Summary of mutations and their clinical relevance

We performed WES of paired samples (tumor tissue and normal tissue DNA) using 78 CCOC cases (Supplementary Tables 1 and 2). The results (Significantly mutated genes and CNAs) are summarized in Fig. 1A–D, Supplementary Tables 37, and Supplementary Figs. 17. Two samples (2.6%) showed mismatch repair (MMR)-deficient and tumor mutational burden (TMB)-high genotypes (Supplementary Figs. 1, 2). The ratio of TMB-high (> 12 mut/Mb) was 5.1%, including 2 MMR-deficient tumors (Fig. 1A).

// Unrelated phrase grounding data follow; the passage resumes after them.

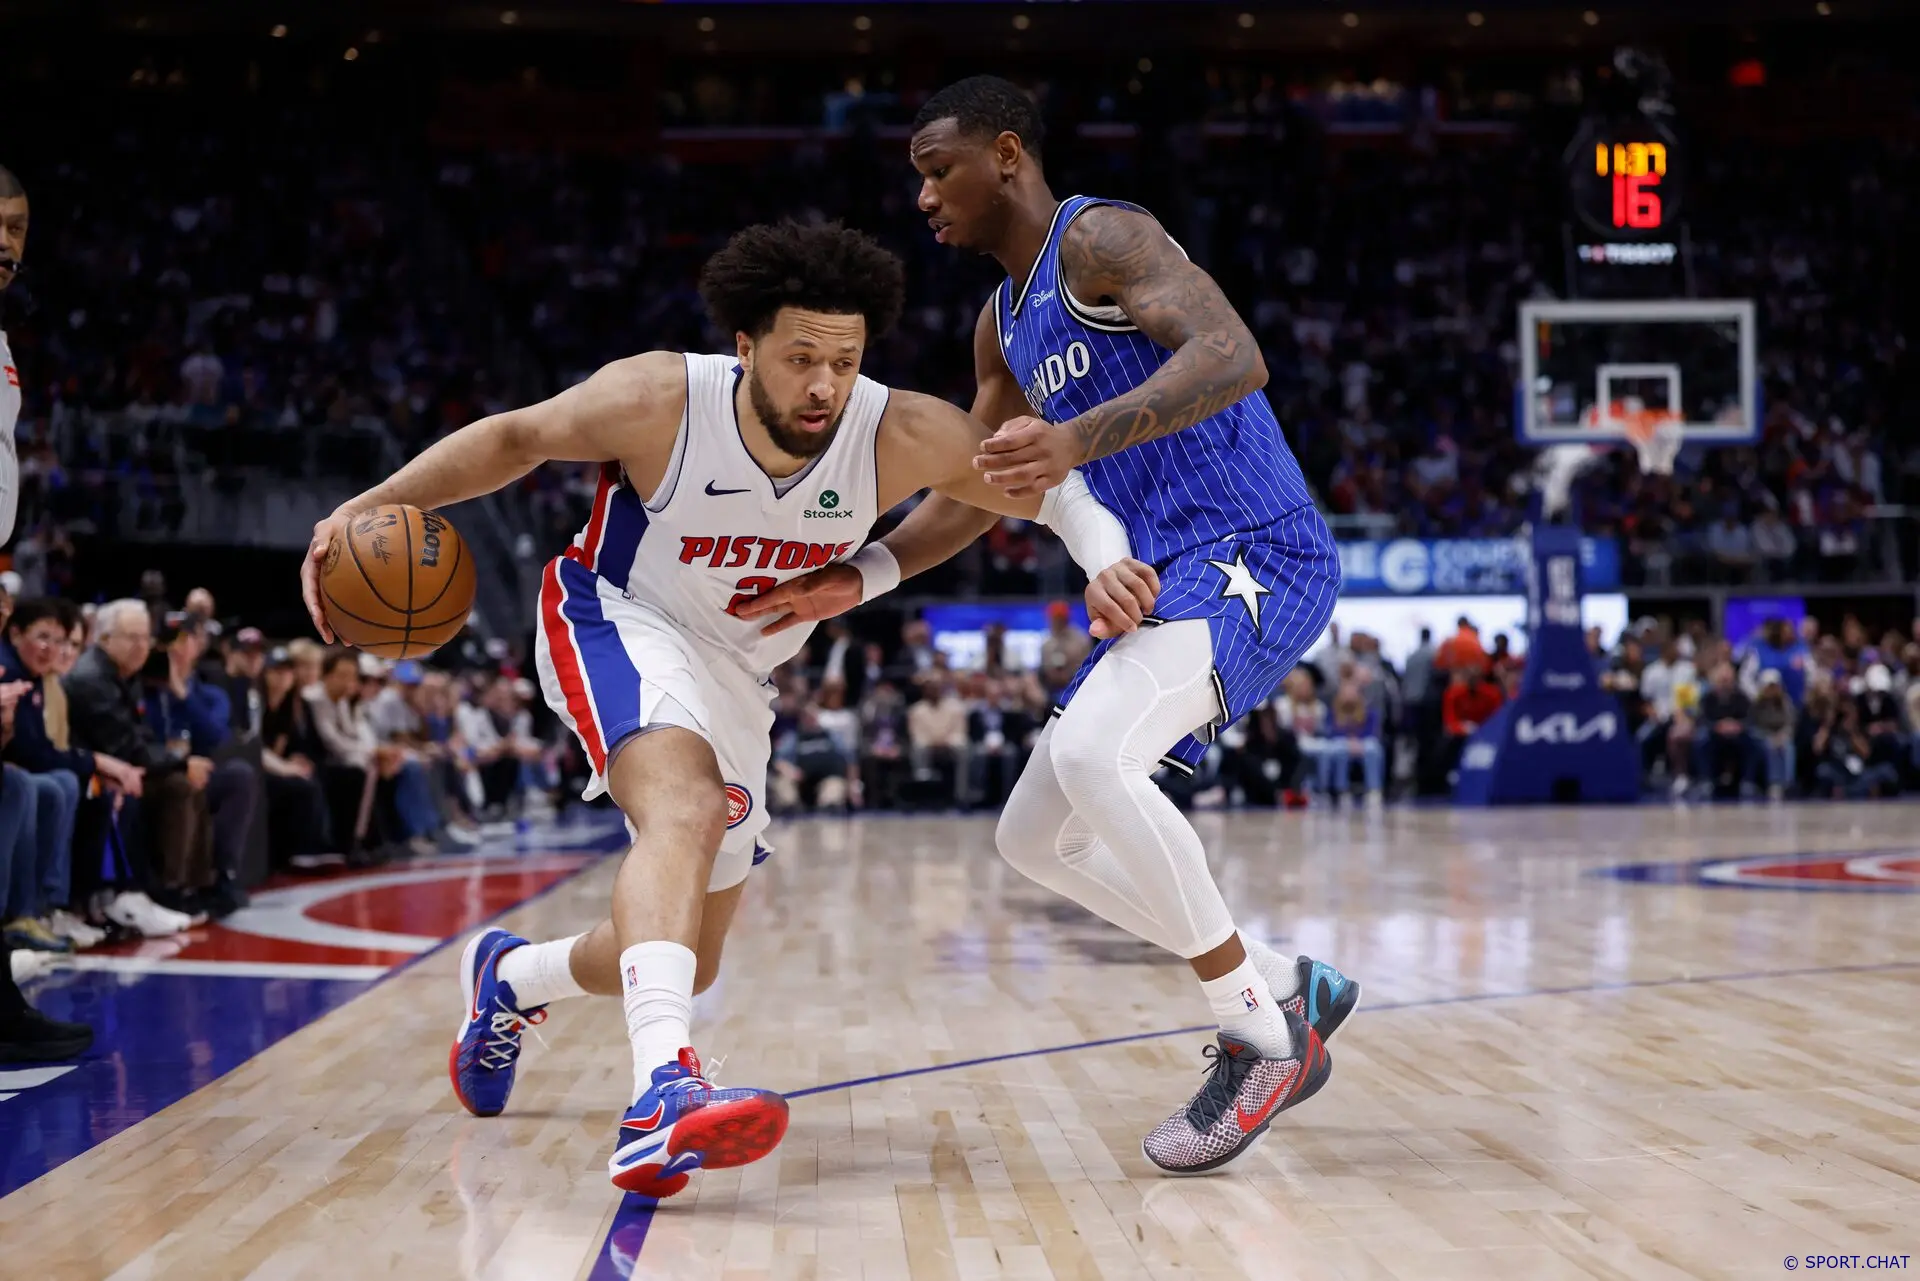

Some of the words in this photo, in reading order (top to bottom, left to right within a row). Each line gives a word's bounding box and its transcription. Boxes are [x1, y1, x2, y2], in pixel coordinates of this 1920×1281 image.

[1613, 171, 1661, 228] 16
[803, 509, 853, 519] StockX
[724, 575, 778, 616] 2
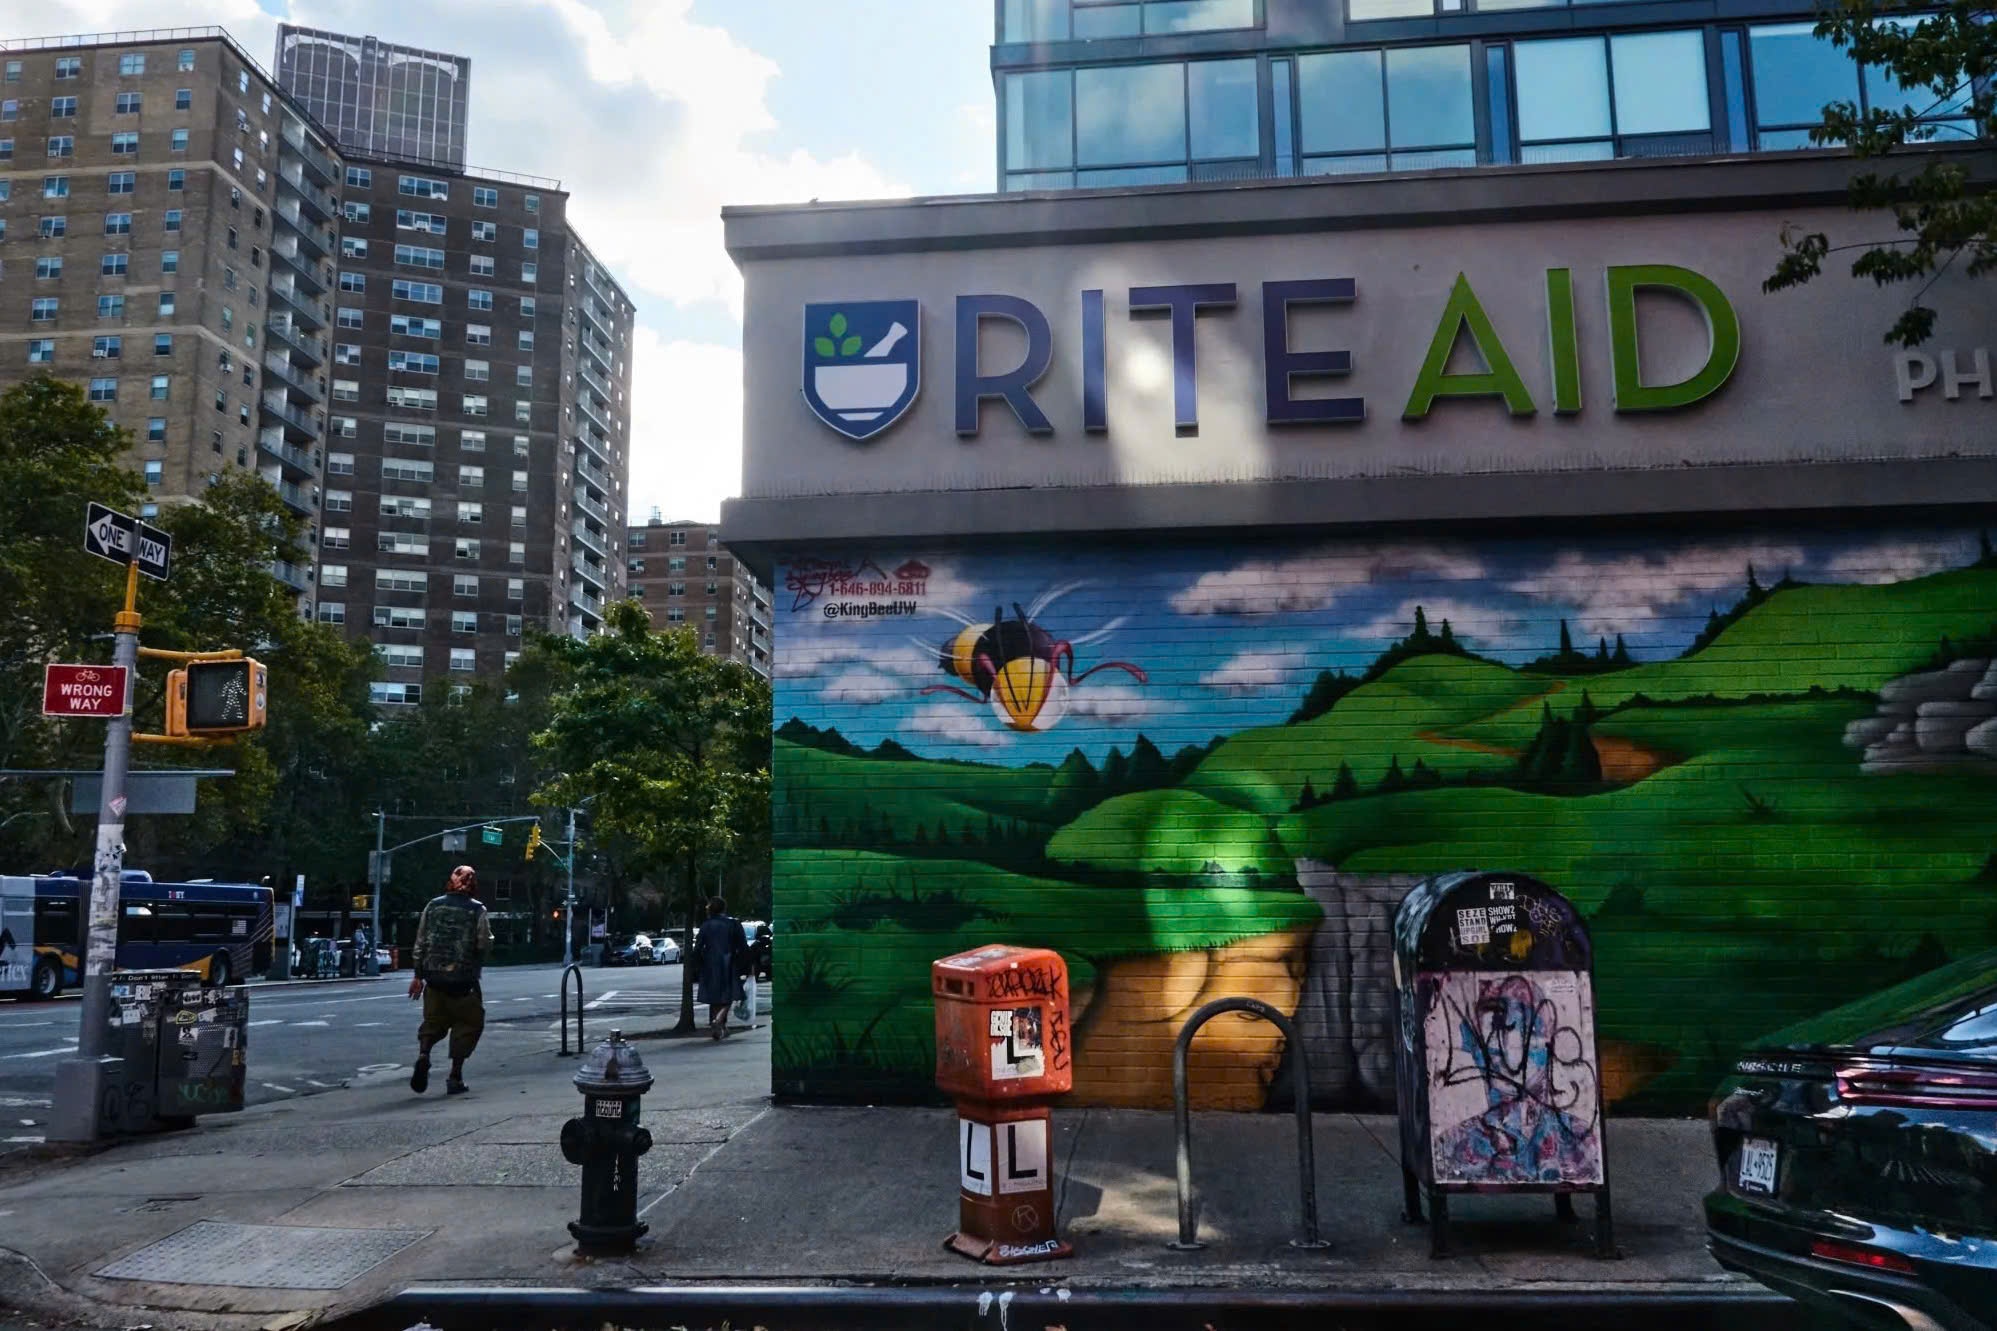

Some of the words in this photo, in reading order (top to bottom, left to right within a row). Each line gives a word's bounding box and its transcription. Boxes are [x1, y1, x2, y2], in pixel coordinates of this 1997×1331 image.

[954, 277, 1367, 438] RITE
[1402, 263, 1741, 421] AID
[99, 523, 125, 548] ONE
[829, 581, 927, 597] 1-646-894-6811
[823, 600, 917, 619] @KingBeeUW
[60, 683, 113, 697] WRONG
[69, 697, 103, 711] WAY
[1458, 909, 1485, 919] SEZE
[1459, 917, 1486, 927] STAND
[966, 1122, 985, 1181] L
[1008, 1124, 1038, 1180] L
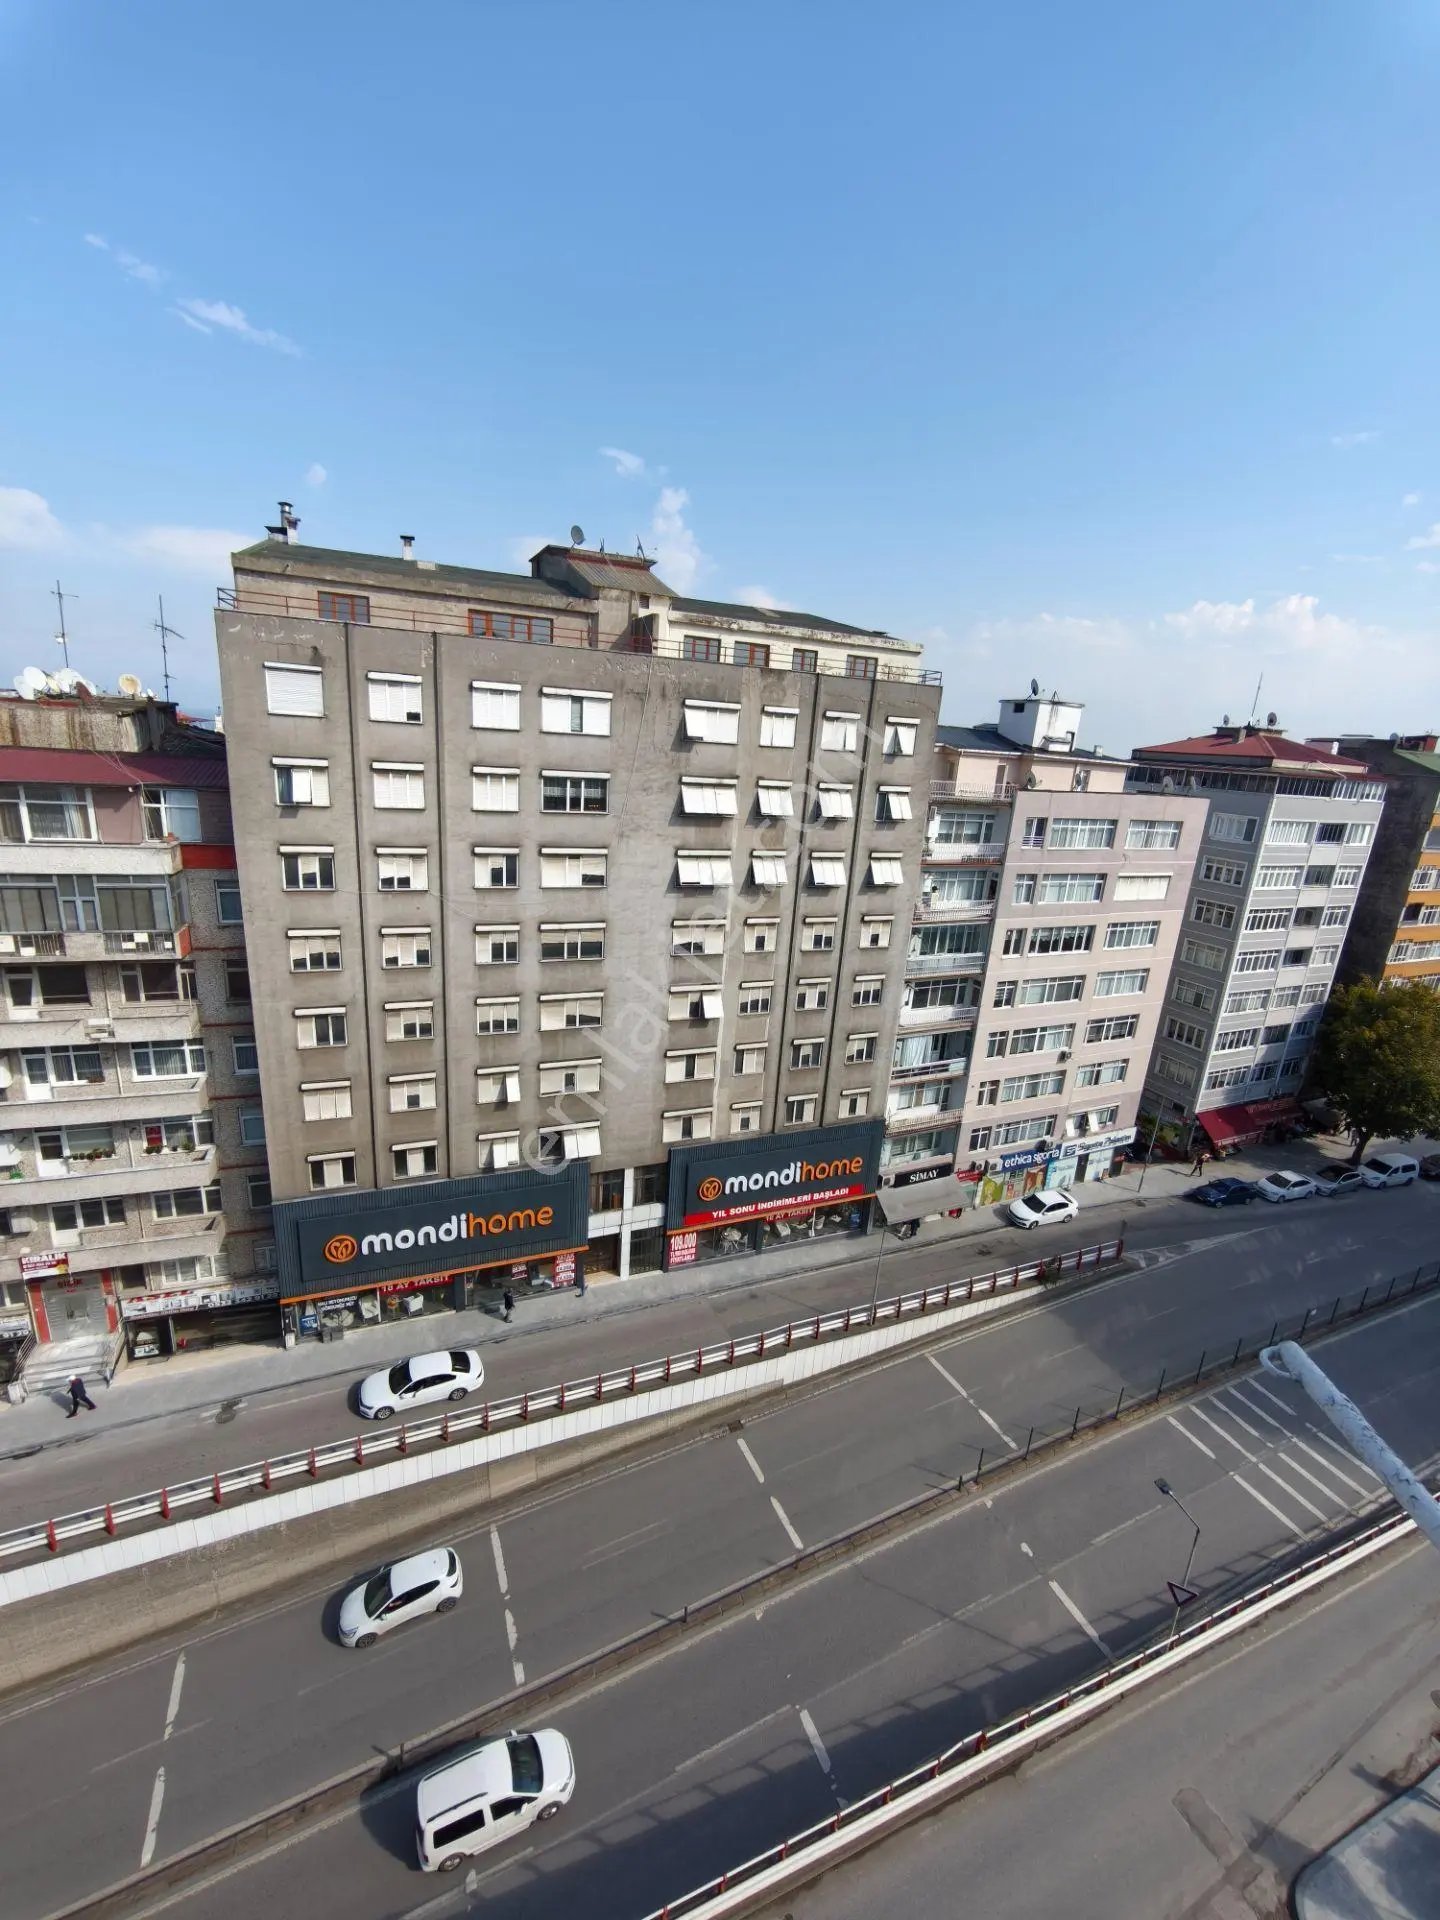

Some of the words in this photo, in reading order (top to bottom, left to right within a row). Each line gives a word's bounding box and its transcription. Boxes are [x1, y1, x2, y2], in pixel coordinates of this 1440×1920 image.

[1004, 1154, 1032, 1168] ethica
[1033, 1148, 1060, 1165] sigorta
[725, 1156, 863, 1195] mondihome
[909, 1167, 938, 1183] SİMAY
[712, 1209, 727, 1219] YIL
[729, 1205, 756, 1216] SONU
[758, 1192, 812, 1211] İNDİRİMLERİ
[813, 1187, 849, 1201] BAŞLADI
[361, 1205, 553, 1256] mondihome

Somatic mutations in the SWI/SNF complex, including ARID1A (55%); PI3K/AKT/mTOR pathway, including PIK3CA (54%); RTK/RAS pathway genes, including KRAS (13%), are summarized in Fig. 1D and Supplementary Table 6.

Figure 1
figure 1

An overview of somatic mutations, copy number variations, and mutated pathways in 78 samples of clear cell ovarian carcinoma. (A) Genes with statistically significant mutations or focal copy number variations in each sample, classified by the status of the major mutations. Two samples in the right columns were hyper-mutated. The upper histogram shows the somatic mutation rate in each sample. (B)–(D) Mutations of genes associated with the significantly mutated pathways: (B) Distribution of SWI/SNF complex mutations (78%, 61/78). The number of mutations was as follows: 6 (7.7%) in SMARCA4 (encoding BRG1), 5 (6.4%) in ARID1B (BRG1-associated factor 250b: BAF250B), 1(1.3%) in SMARCAL1, SMARCA2, and SMARCC1. Coexistence with ARID1A mutations at 69% (9/13). The number of LOH is as follows; 17 (22%) in ARID1A (22%), 19 (24%) in SMARCA4 (chr 19p13.2), 3 (3.8%) in ARID1B (chr 6q25.3), 10 (13%) in SMARCA2 (chr 9p24.3), 5 (6.4%) in SMARCAL1 (chr 2q35), 5 (6.4%) in SMARCC1 (chr 3p21.31), and 4 (5.1%) in SMARCE1 (chr 17q21.2). (C) Distribution of mutations in the PI3K/AKT/mTOR pathway. The number of mutations was 1 (1.3%) in PTEN, AKT1, AKT2, mTOR, and TSC1. The number of copy number gain was as follows: 22 (28%) in PIK3CA (chr 3q26.32), 6 (7.7%) in AKT1 (chr 14q32.33), and 9 (11.5%) in AKT2 (chr 19q13.2). The number of LOH was 22 (33.3%) in TSC2 (chr 16p13.3). (D) Mutations and copy number variations in the RTK/RAS pathway. The number of mutations was as follows: 10 (12.8%) in KRAS, 4 (5.1%) in FGFR2, 4 (5.1%) in ERBB3, 4 (5.1%) in CTNNB1, 1 (1.3%) in NRAS, and 1 (1.3%) in MAP2K1 (MEK1). The number of copy number gains was as follows: 9 (12%) in KRAS (chr 12p12.1), 19 (24%) in ERBB2 (chr 17q12), 9 (12%) in ERBB3 (chr 12q13.2), 6 (7.7%) in EGFR (chr 7p11.2), 4 (5.1%) in MET (chr 7q31.2), and 5 (6.4%) in CTNNB1. (E) Overall survival according to the mutational status of ARID1A and PIK3CA.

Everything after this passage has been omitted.